Thanks for sharing your good experience with the coffee! I've only been to Demel's once but I had an excellent slice of cake there. I can't remember what type it was but it definately was not a Sacher Torte because I tend to usually order non-chocoalte options. I may have ordered an Esterhazyshnitten (nut meringue slice filled with kirsch buttercream...) It's described in more detail in this thread and post here where we've been sharing some of our baking experiences from Rick Rodger's Kaffehaus : Exquisite Desserts from the Classic Cafes of Vienna, Budapest and Prague.

I have had Sacher Torte at the Sacher Hotel when I was a kid, but I just can't remember it well enough.
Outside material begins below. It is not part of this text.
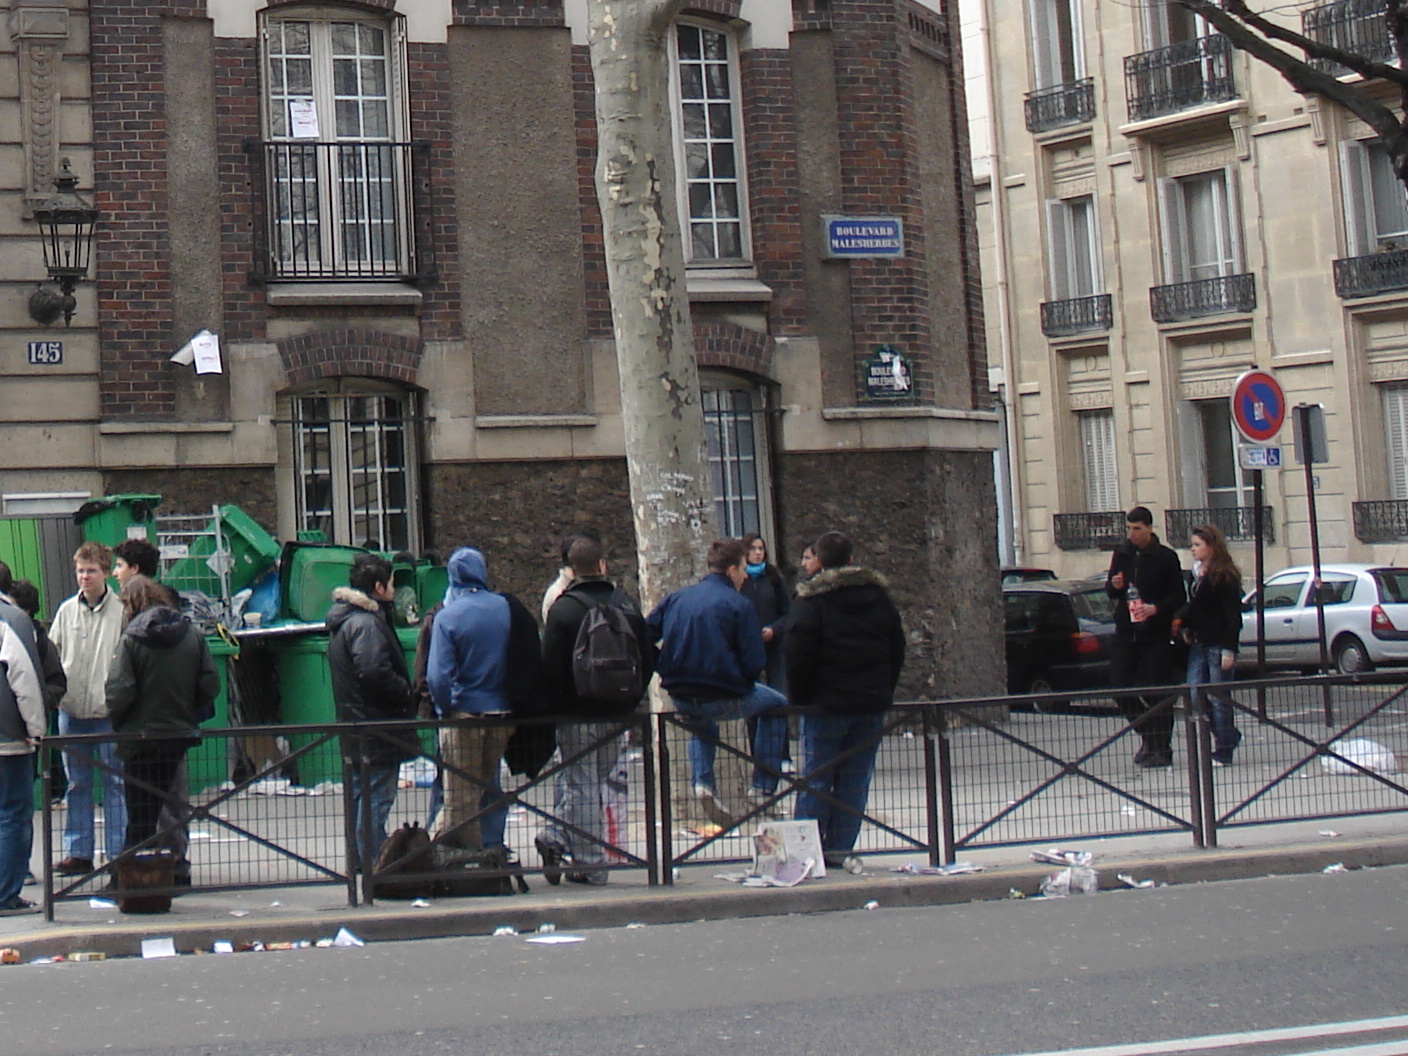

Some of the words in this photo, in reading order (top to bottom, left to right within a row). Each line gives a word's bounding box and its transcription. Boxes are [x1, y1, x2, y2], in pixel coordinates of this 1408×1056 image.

[836, 226, 894, 236] BOULEVARD
[831, 238, 900, 248] MALESHERBES
[30, 342, 61, 363] 145
I'm actually tempted to order Sachertorte from either Demel's or the Sacher Hotel just to see if it's really as disappointing for me as it has apparently been for some others! :smile:

I'll have a week and a half to eat pastries and cakes there this summer so I'll probably be at Demel's more than once. With some research I've turned up a lot of Konditorei (patisserie) options in Vienna though so I suspect I'll be busy each day indulging my Austrian sweet tooth.
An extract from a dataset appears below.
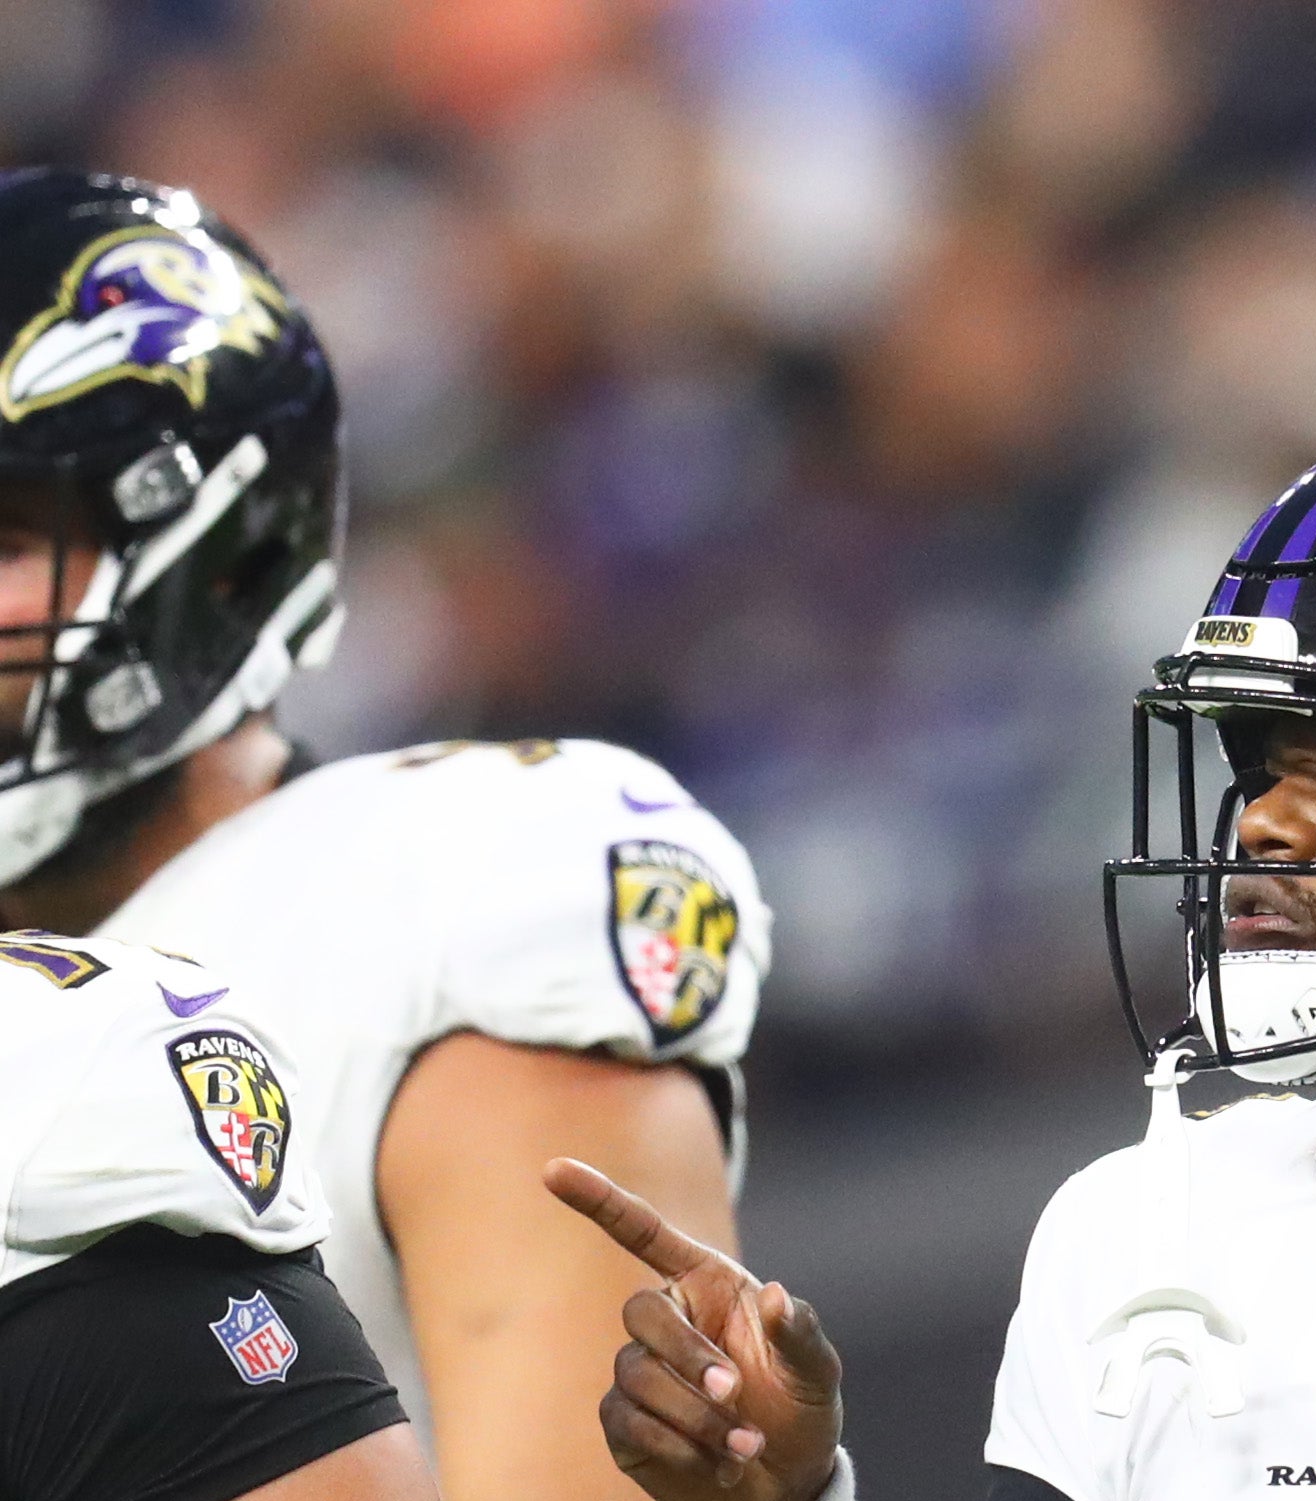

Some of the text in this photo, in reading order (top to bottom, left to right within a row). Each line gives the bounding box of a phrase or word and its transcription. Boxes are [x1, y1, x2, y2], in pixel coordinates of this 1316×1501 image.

[175, 1036, 266, 1070] RAVENS
[188, 1062, 241, 1107] B
[249, 1120, 283, 1173] R
[236, 1326, 292, 1376] NFL
"Under the dusty almond trees, ... stalls were set up which sold banana liquor, rolls, blood puddings, chopped fried meat, meat pies, sausage, yucca breads, crullers, buns, corn breads, puff pastes, longanizas, tripes, coconut nougats, rum toddies, along with all sorts of trifles, gewgaws, trinkets, and knickknacks, and cockfights and lottery tickets."

-- Gabriel Garcia Marquez, 1962 "Big Mama's Funeral"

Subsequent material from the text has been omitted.